Okay, so we shouldn’t be so complacent that we never try to improve, and a healthy self-awareness is part of what makes for a thorough examination of conscience. Self-awareness isn’t the problem, though. It’s when we get caught up wondering what the prayer did, how much it was worth, and whether we’re measuring up to what we think we should be achieving, or worse, what those other people seem to be achieving. (Who those others are will depend on your own situation and temptations; if you’re a mom, other moms; if you’re a priest, other priests; or really anyone we find we’re tempted to compare to ourselves.)
Trying to evaluate our spiritual progress not only doesn’t actually help us improve, it’s also a big reason that prayer gets so discouraging.
The problem isn’t that I’m trying to grow in my spiritual life (we should be trying!); it’s that I’ve assumed that I have any way at all to know the value of my prayers and actions. It’s an assumption that I can see things the way God does. I’m acting as if virtue can be boiled down to its component parts. Plug in the effort, the precision of execution, the level of emotional involvement, and voila! A top-notch prayer and spiritual life. God’s got to love it.
No matter how well I know myself, the bottom line is that God knows me a lot better. My progress is his business.
When we set ourselves up as the judge of our own spiritual life, we’re really just inserting our own ideas of what makes the prayer or action valuable into the equation. But we don’t have God’s perspective, and our own perspective usually involves dumb assumptions and red herrings. “Did I feel the appropriate emotions? Was my prayer authentic?”

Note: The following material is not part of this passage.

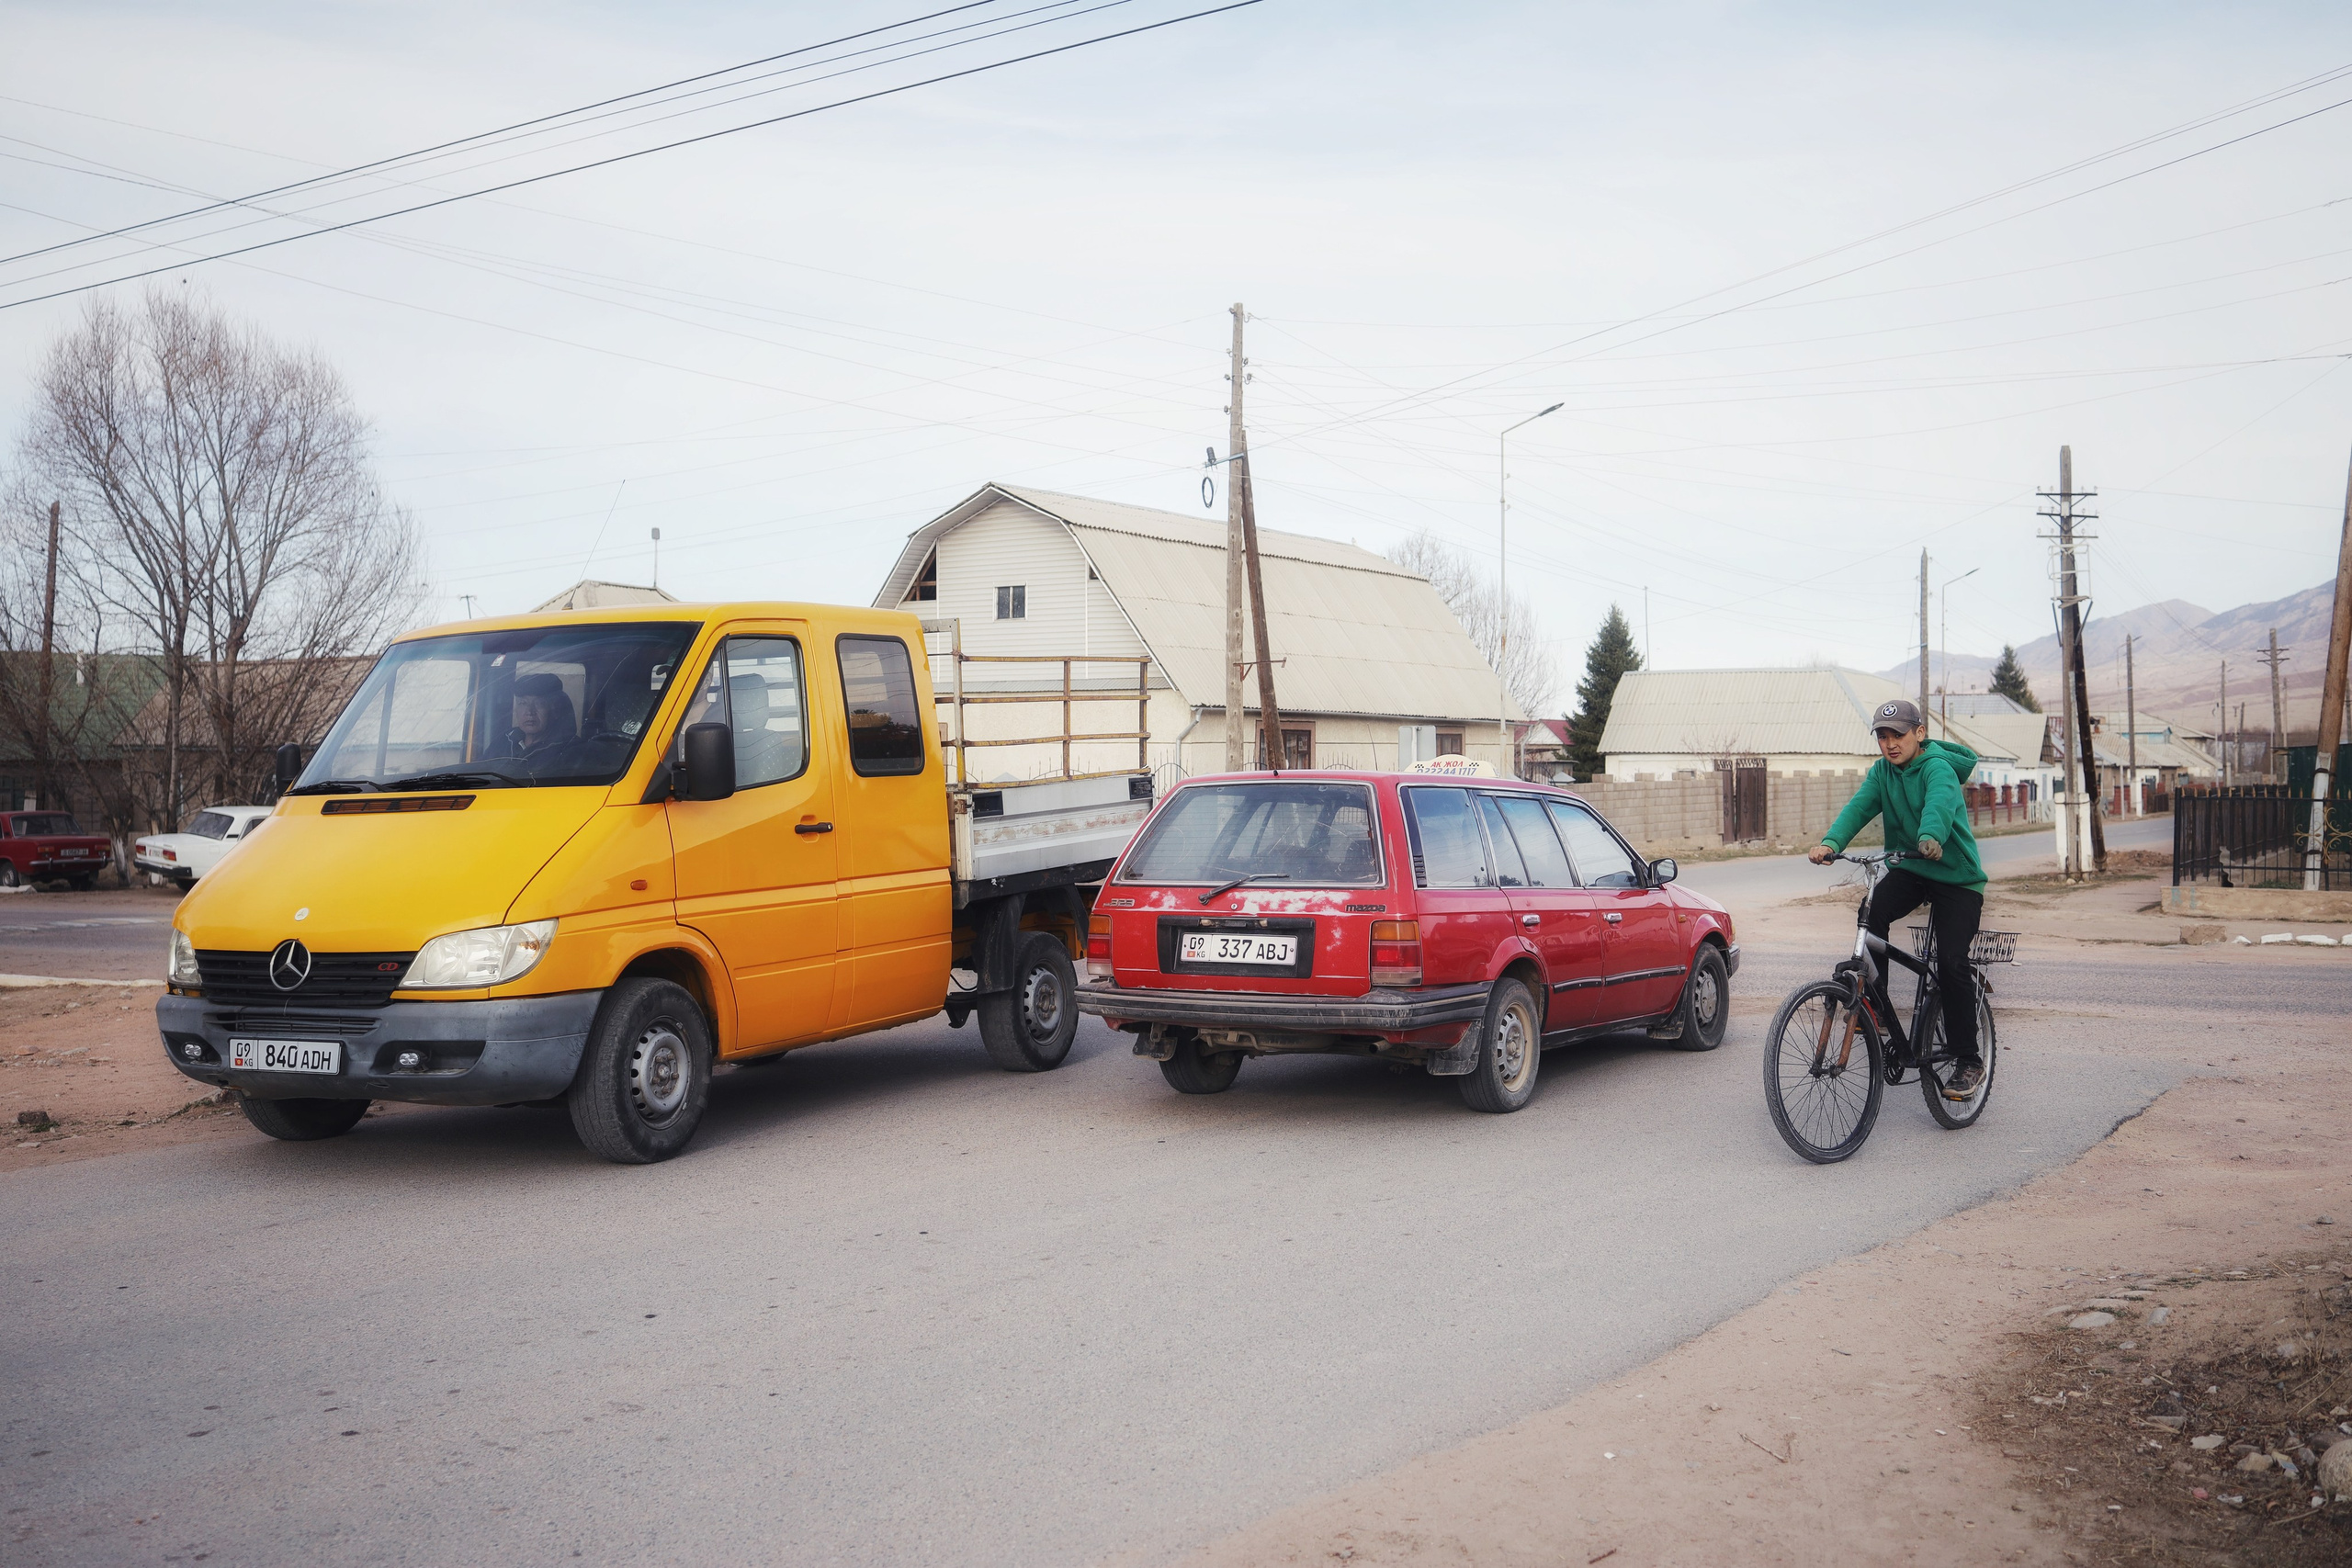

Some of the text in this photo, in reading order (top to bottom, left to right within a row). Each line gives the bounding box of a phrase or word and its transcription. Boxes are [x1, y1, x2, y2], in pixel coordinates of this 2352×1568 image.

[1189, 937, 1288, 961] 09 337 ABJ
[236, 1043, 332, 1070] 09 840 ADH
[243, 1058, 254, 1066] KG
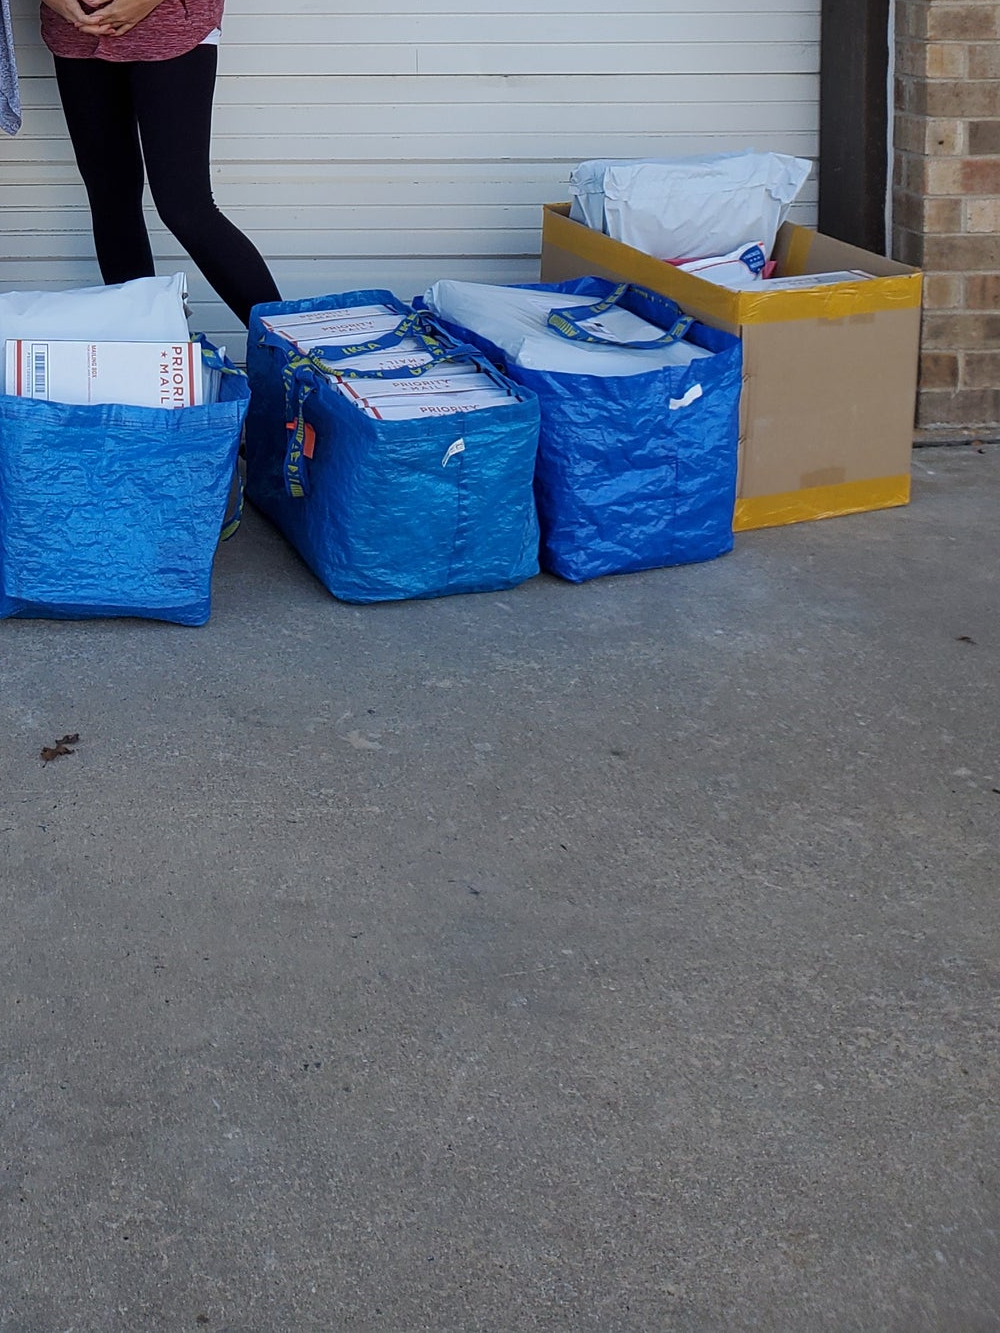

But that’s all backwards. Look what Pope Francis explained a few years ago at a general audience: “We must bear clearly in mind that sanctity is not something we can procure for ourselves, that we can obtain by our own qualities and abilities. Sanctity is a gift, it is a gift granted to us by the Lord Jesus, when He takes us to Himself and clothes us in Himself, He makes us like Him.”
So, we have to leave our progress in his hands. Seek out his vision. Never compare ourselves to others or even some idea of how I used to be or might be in the future.
The only thing we have to do, as St. Therese emphasized, is to keep on trying.
A good workout can be pretty unpleasant, but at least I know I’m improving. But it’s no wonder that prayer starts to be burdensome and unpleasant too, when we want assurance that our efforts are paying off. Let’s just try to stick with what we know is our job, to love, pray, and hope, and leave it up to God to track how we’re doing.